Similar to my past observations on KFC, this Shanghai McDonalds seems really eager to hire. I'm always amazed by how happy and cute the pictured workers always are. Happiness is also the theme of the banner message: Join McDonalds and take the first step towards happiness. The message is particularly clever because it capitalizes on how the character that makes the "Mc" sound has the same pronunciation as the character 迈, which means to step.
McDonalds is also a great example of Balassa-Samuelson effect. Even if aggregate productivity grows much faster in China than in the United States, it's unlikely that a Chinese McDonalds franchise can raise its productivity any faster than an American McDonalds franchise. Just look at the registers; how do you expect the cashiers to ring people up any faster?
The low productivity growth can ultimately be traced to one factor: there's not much space for innovation within McDonalds. No doubt, running a McDonalds franchise is no easy task, but for the individual cashiers, cooks, and janitors, there's only so much you can "learn-by-doing". Compare this with other sectors such as, solar panel production or apparel, and you can see why there's a large productivity differential between fast food and manufacturing.
These two factors, aggressive hiring and low productivity growth, are connected; the second can lead to the first. This is not necessarily only because low productivity growth requires a higher amount of labor to produce the same amount of product, but rather also because low productivity enables employers to abuse an initial probationary period to hire more aggressively with minimal downside. During probation, employees can be fired without cause and are paid lower wages. Limited room for innovation means there's little need to train employees to create new techniques, thereby shortening training times. Since training time for an average employee is relatively low, McDonalds can afford more worker turnover without significantly impacting productivity. But to fill this demand for workers, they need to aggressively hire. This is arguably a violation of Chinese labor laws, but given McDonald's other violations, it should not a surpise. Chinese labor laws such as minimum wage and worker's insurance have also been frequenly abused by Yum Brands, the parent company of KFC, Pizza Hut, and Taco bell.
This story is problematic because it contradicts the idea that there's a labor shortage. If workers are hard to find, how can McDonalds and other fast food restaurants afford such high turnover? A possible explanation is that they pay high enough of a wage to entice workers from other restaurants, and therefore exacerbate the worker shortage for other businesses. Yet because they do not advertise as aggresively, I do not notice.

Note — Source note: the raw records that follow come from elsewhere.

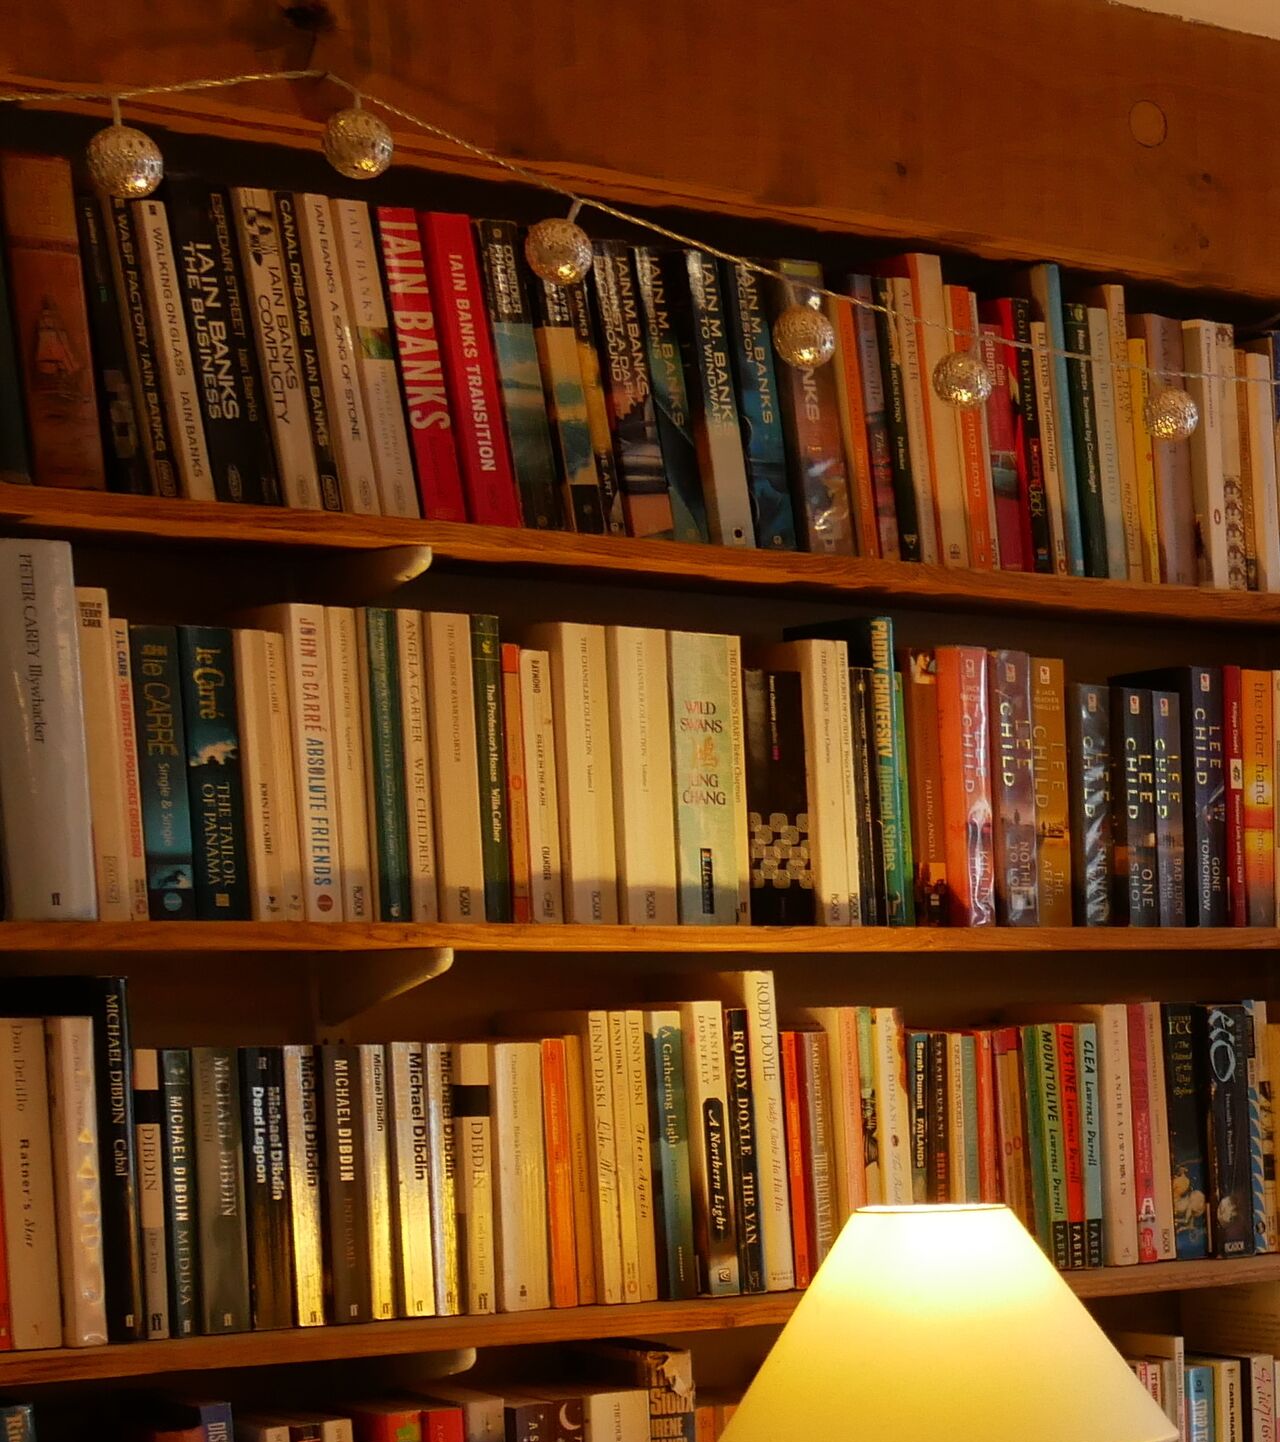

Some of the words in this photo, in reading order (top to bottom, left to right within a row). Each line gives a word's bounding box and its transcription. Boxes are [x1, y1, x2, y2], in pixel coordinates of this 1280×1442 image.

[280, 199, 299, 257] CANAL
[153, 227, 174, 301] WALKING
[181, 243, 201, 289] THE
[193, 242, 222, 308] IAIN
[269, 266, 285, 304] IAIN
[380, 220, 429, 295] IAIN
[448, 254, 468, 291] IAIN
[289, 260, 311, 337] DREAMS
[701, 263, 717, 312] IAIN
[169, 328, 186, 376] GLASS
[275, 308, 299, 390] BANKS
[319, 238, 337, 293] BANKS
[343, 389, 361, 440] STONE
[455, 298, 478, 359] BANKS
[190, 299, 223, 420] BUSINESS
[206, 321, 240, 420] BANKS
[258, 294, 291, 424] COMPLICITY
[302, 349, 319, 387] IAIN
[393, 310, 450, 430] BANKS
[752, 347, 773, 424] BANKS
[145, 392, 166, 453] BANKS
[178, 391, 193, 424] IAIN
[308, 389, 328, 447] BANKS
[465, 366, 496, 472] TRANSITION
[184, 427, 202, 478] BANKS
[18, 553, 34, 603] PETER
[22, 606, 38, 658] CAREY
[194, 647, 223, 664] le
[871, 620, 888, 670] PADDY
[27, 666, 44, 744] Illywhacker
[194, 667, 225, 720] Carré
[409, 686, 423, 743] CARTER
[874, 674, 893, 758] CHAYEFSKY
[680, 718, 722, 734] SWANS
[1000, 702, 1014, 786] CHILD
[1194, 708, 1206, 784] CHILD
[1208, 725, 1220, 768] LEE
[202, 785, 216, 808] OF
[218, 784, 232, 819] THE
[306, 739, 328, 812] ABSOLUTE
[413, 759, 426, 795] WISE
[1125, 738, 1137, 819] CHILD
[1138, 755, 1152, 803] LEE
[161, 813, 174, 848] Single
[204, 813, 222, 886] PANAMA
[220, 824, 237, 888] TAILOR
[311, 817, 332, 887] FRIENDS
[416, 798, 430, 870] CHILDREN
[1130, 863, 1140, 912] SHOT
[1141, 869, 1153, 907] ONE
[105, 995, 122, 1067] MICHAEL
[756, 981, 772, 1031] RODDY
[590, 1019, 603, 1065] JENNY
[732, 1031, 748, 1090] RODDY
[761, 1036, 776, 1082] DOYLE
[1083, 1040, 1093, 1075] CLEA
[110, 1071, 125, 1125] DIBDIN
[334, 1059, 350, 1125] MICHAEL
[373, 1054, 382, 1096] Michael
[408, 1052, 423, 1121] Michael
[593, 1069, 606, 1109] DISKI
[1042, 1030, 1057, 1122] MOUNTOLIVE
[169, 1096, 184, 1162] MICHAEL
[252, 1088, 264, 1126] Dead
[375, 1098, 384, 1132] Dibdin
[737, 1099, 752, 1155] DOYLE
[114, 1140, 128, 1177] Cabal
[339, 1129, 355, 1182] DIBDIN
[411, 1125, 425, 1181] Dibdin
[472, 1121, 485, 1190] DIBDIN
[708, 1132, 722, 1190] Northern
[173, 1167, 187, 1222] DIBDIN
[219, 1152, 237, 1217] DIBDIN
[743, 1173, 755, 1208] THE
[712, 1196, 725, 1231] Light
[746, 1213, 757, 1245] VAN
[176, 1231, 191, 1305] MEDUSA
[1194, 1399, 1207, 1428] STRIP

Another possibility is that the target demographic, college students, is not the same demographic of workers that coastal plants are lacking. College students often won't or can't hold low-skill manual manufacturing jobs, but they may be willing to take up a job at a McDonalds while they go to school. College workers also reside in a grey area of labor law. Guangdong marketing director of Yum Brands has been on record saying "part-time workers are neither full-time workers or non-full-time workers (既不属于全日制用工也不属于非全日制用工)" to justify the low pay of part-time college student employees. Ignoring whether this is ethical, if college students are advantageous from a labor/wage perspective, this would match both the type of advertising we see on both the KFC and McDonalds hiring notices with the concept of a skill mismatch. The firms would have an incentive to hire college students to save on wages and insurance fees, not to capitalize on their unique skills.
The story from here would be that China does not suffer from just a lack of workers, but rather that there's a severe skill mismatch. College students, who should be building human capital, are being cycled through low-skill, low productivity jobs. This pushes the unskilled to even lower productivity jobs such as street sweeping or selling road-side trinkets. Yet while all this happens, coastal firms struggle to find enough talented workers to stay open. This, of course, does describe the Chinese labor market in much depth, but it does point to a key structural problem holding back further Chinese growth.